The Po Leung Kuk, founded as the Society for the Protection of Women and Children, is a charitable organisation in Hong Kong that provides support for orphaned children, education and other services.

History 

In the late 19th century, abduction and trafficking of women and children were widespread in Hong Kong, under the mui tsai system. On 8 November 1878, a group of local Chinese (Lo Lai-ping, Shi Shang-kai, Fung Ming-shan and Tse Tat-shing) presented a petition to the Governor of Hong Kong, John Pope Hennessy to set up Po Leung Kuk to rescue the kidnapped victims and the society was officially opened in August 1882.
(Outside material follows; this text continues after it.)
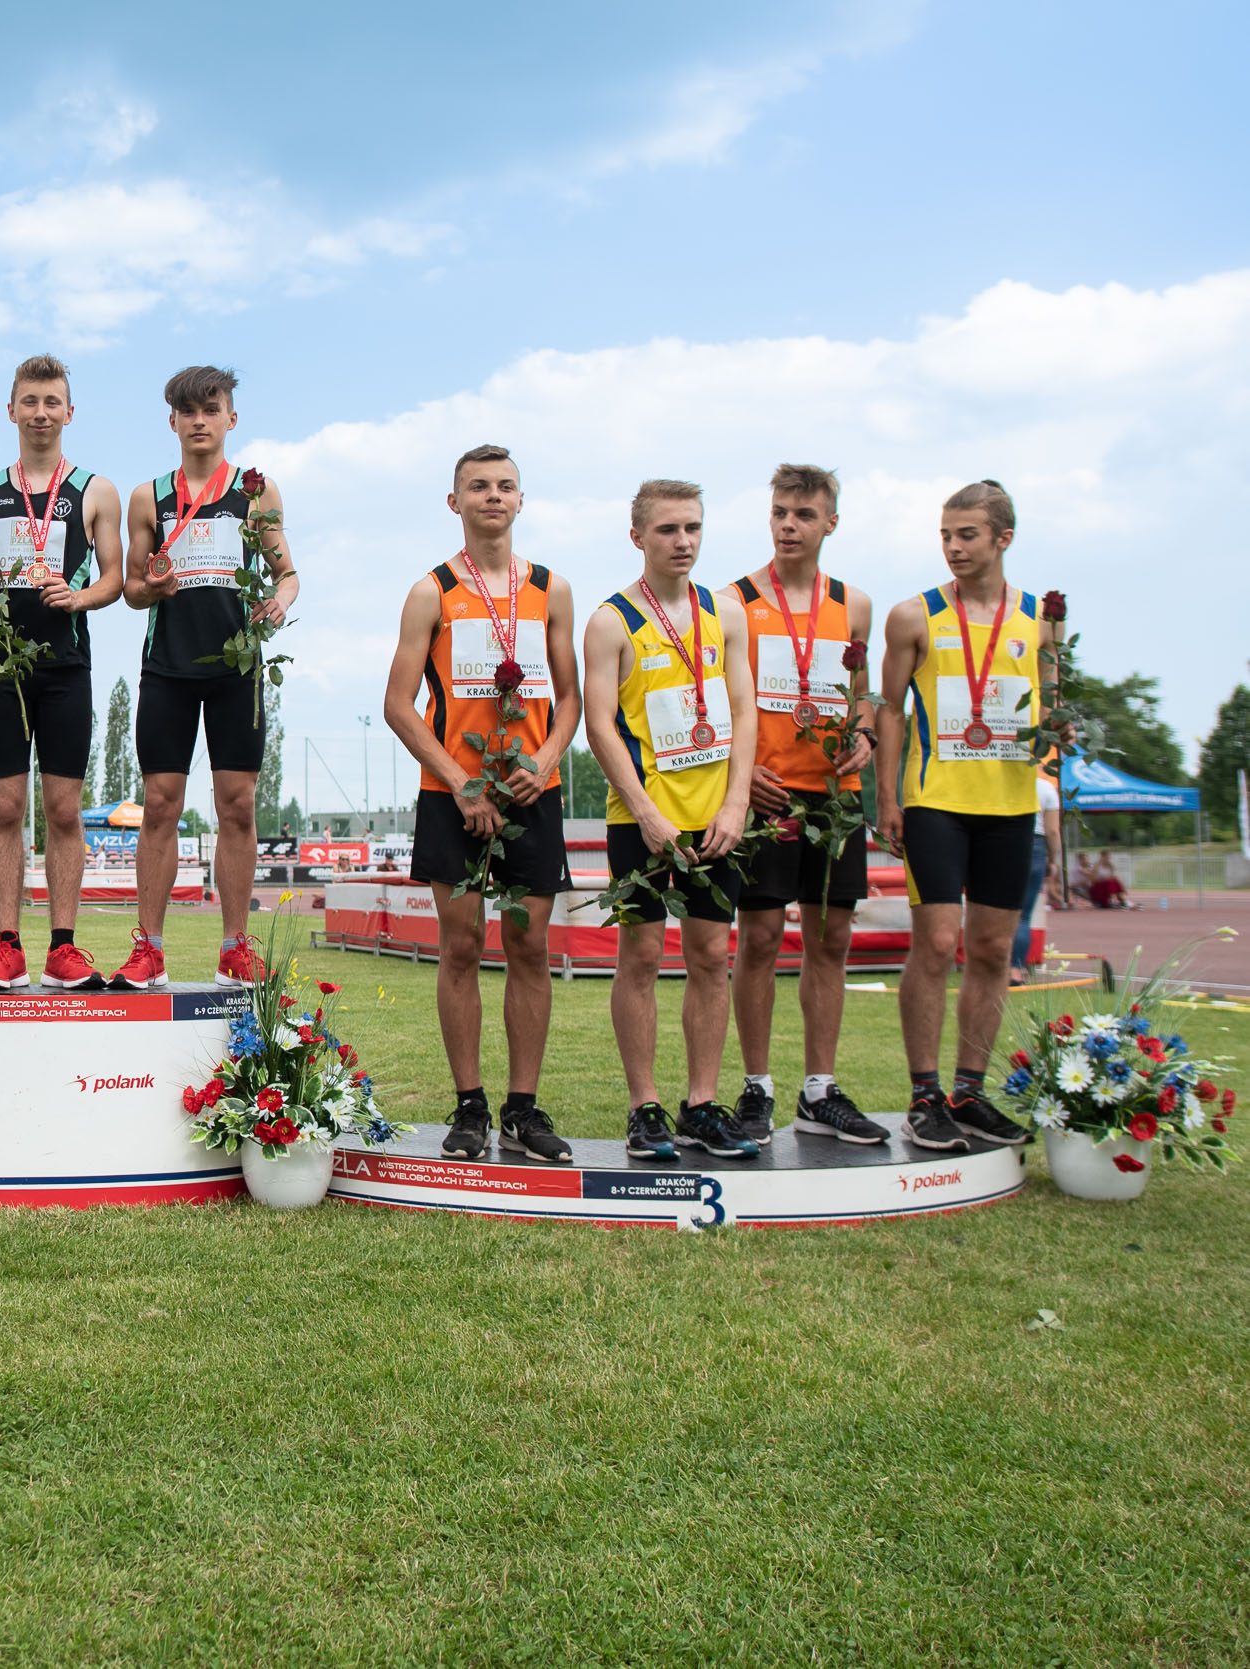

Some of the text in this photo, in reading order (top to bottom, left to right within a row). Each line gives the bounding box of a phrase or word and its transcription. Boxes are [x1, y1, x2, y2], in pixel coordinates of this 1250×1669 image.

The stated objective of the Kuk, as it is informally known, is to care for the young and protect the innocent. In the early days, it was primarily engaged in suppressing abduction of women and children and providing shelters and education for such victims. There were some difficulties with the colonial government, as a result of cultural differences, but the overall intention of improving the lot of unfortunates was earnestly pursued. However, it has been suggested that the arrangements the Kuk provided had the convenient effect of maintaining a supply of servants and potential concubines for the wealthy Chinese families of Hong Kong, in a "peculiarly Chinese form of patriarchy".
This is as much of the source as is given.